When the water-flooding reaches the point where the production is no longer profitable, a decision should be taken: to change the oil field, or to use another phase of exploitation. It is then possible to use a technique of assisted recovery using water-flooding in which the water comprises surfactants and/or polymers. These polymers are used in order to increase the viscosity of the driving fluid and thus to improve the scavenging of the petroleum by the driving fluid. It is known for example to increase the viscosity of the water by means of viscosifiers such as partially hydrolyzed polyacrylamides of high molecular weight. These polymers, dispersible and/or soluble in water, enable more homogeneous scavenging of the formation while reducing the appearance of viscous fingering.

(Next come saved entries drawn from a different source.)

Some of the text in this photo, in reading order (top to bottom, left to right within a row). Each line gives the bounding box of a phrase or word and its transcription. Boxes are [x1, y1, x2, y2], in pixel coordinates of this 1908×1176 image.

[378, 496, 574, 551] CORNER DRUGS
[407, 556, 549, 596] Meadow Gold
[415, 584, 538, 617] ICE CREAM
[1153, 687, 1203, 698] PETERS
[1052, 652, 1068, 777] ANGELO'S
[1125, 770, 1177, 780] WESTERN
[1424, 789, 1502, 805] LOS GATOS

Zwitterionic surfactants and in particular betaines can be used as viscosifiers because of their stability in brines of which the temperature can reach 80° C. and more. The term zwitterionic describes surfactants having a permanent positive charge independently of the pH and having a negative charge above a certain pH.

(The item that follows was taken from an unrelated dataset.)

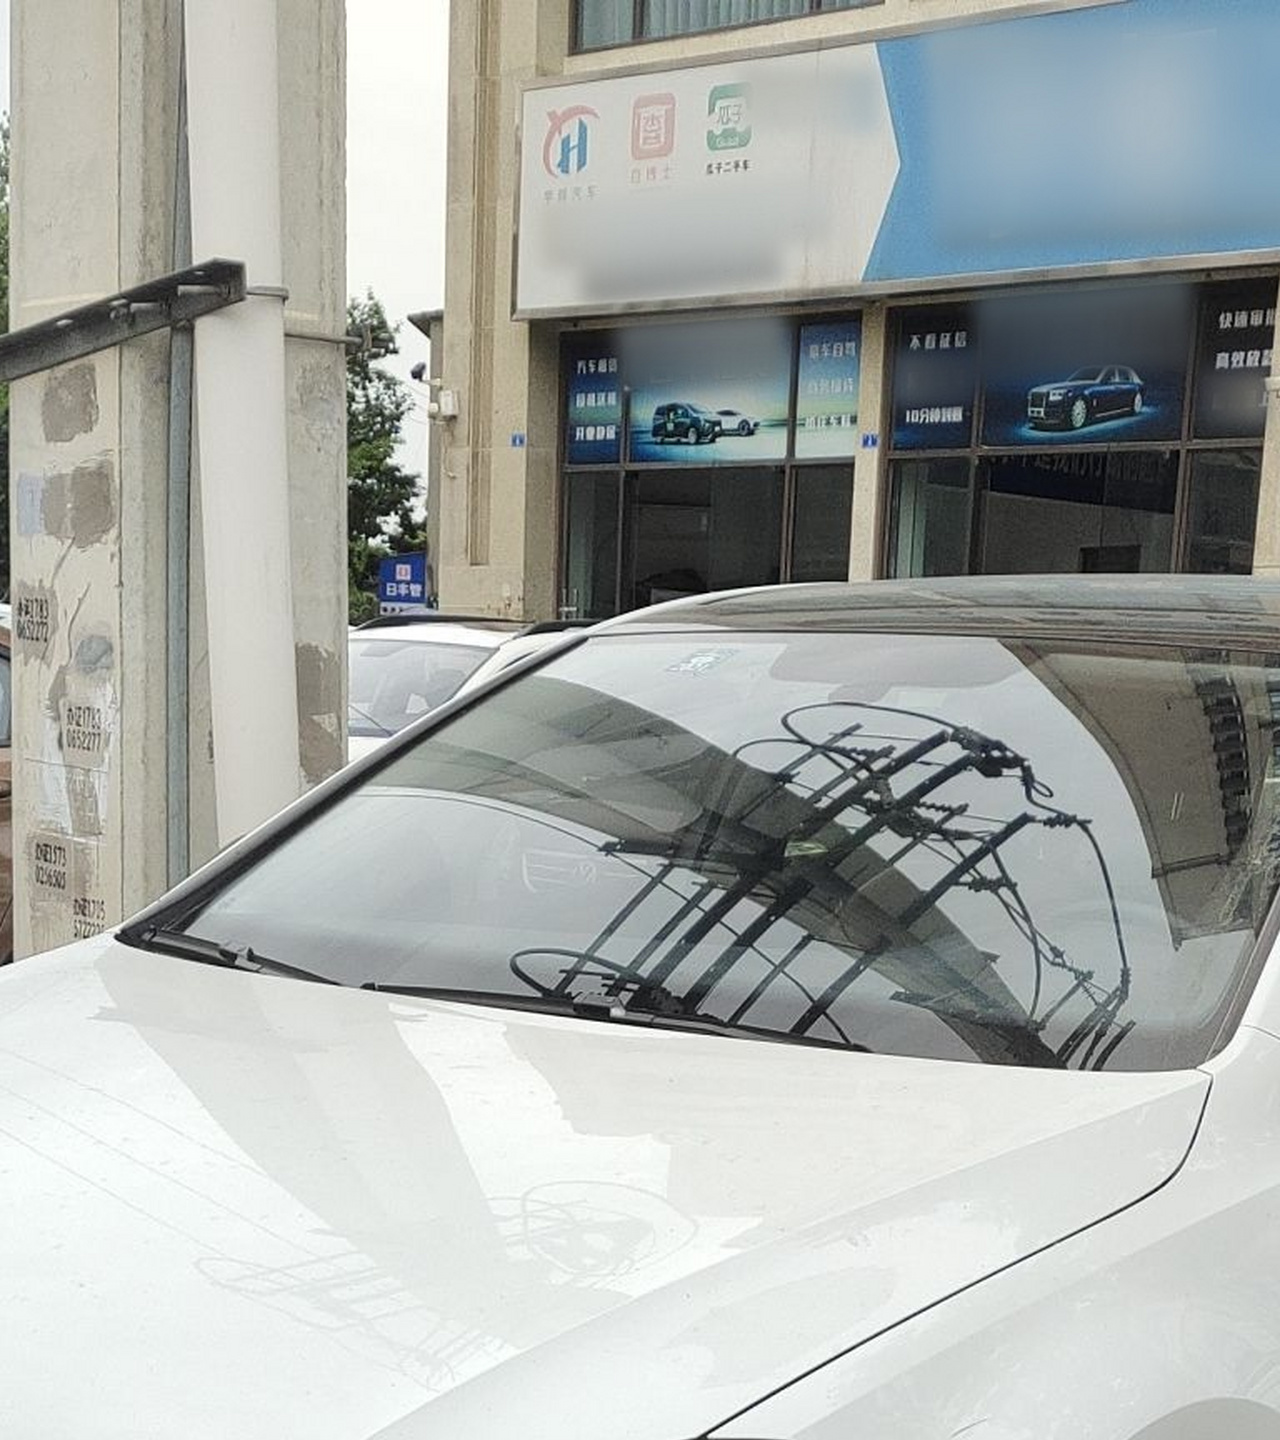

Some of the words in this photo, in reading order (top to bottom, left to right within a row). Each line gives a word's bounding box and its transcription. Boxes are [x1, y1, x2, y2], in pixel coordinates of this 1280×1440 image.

In another approach, upon contact with the petroleum contained in the rock or the sand the surfactants lower the water/oil interfacial tension in order to make it possible to entrain the oil trapped in the constrictions of the pores of the reservoir.
However, numerous hydrocarbon reservoirs are not homogeneous with regard to geology and exhibit a great variety of porosity and of permeability. This is the case in particular for carbonate reservoirs which are often naturally and abundantly fractured. These fractured reservoirs include two separate elements: fractures and a matrix consisting of the rock containing petroleum. If the network of fractures permits an easy transfer of fluids from the reservoir, it only represents a small fraction of the total porosity of the reservoir. The matrix which has a low permeability contains the majority of the porosity of the reservoir and therefore of the oil. The water invasion techniques mentioned above (“water-flooding”) and applied to these reservoir rapidly lead to an excessive increase in the water/oil ratio at the producer well. After having entrained the petroleum located in the fractures, the water continues to be displaced preferentially through the network of fractures and, in so doing, does not entrain the petroleum of the matrix. This results from the fact that the matrix is most often preferentially wettable with the oil as is often the case with carbonate reservoirs. Therefore water cannot spontaneously soak the matrix in order to displace the oil which is trapped there and causes the fractures, the pressure loss between the injector well and the producer well, both in communication with the fractures and the matrix, is too low to force this soaking.
A known method known for increasing the penetration of water into the matrix consists of injecting an aqueous solution of specific surfactant with the purpose of creating favorable conditions for wetting with water. In order to take advantage of this method, it is recommended to proceed with cyclic injection of fluids, a method described under the term “cyclic wettability alteration” as illustrated in the patents U.S. Pat. Nos. 4,842,065, 5,014,783 and 5,247,993. The principle consists in the first place of injecting a solution of surfactants capable of altering the wettability of the matrix, in order next to observe a latency before injecting water. By repeating these steps in this way part of the oil in the matrix is displaced. However, the water/oil ratios remain insufficient and these processes necessitate repeated injections in quick succession of surfactant and water.
Therefore there is a need to improve these processes in order to achieve more favorable oil/water ratios.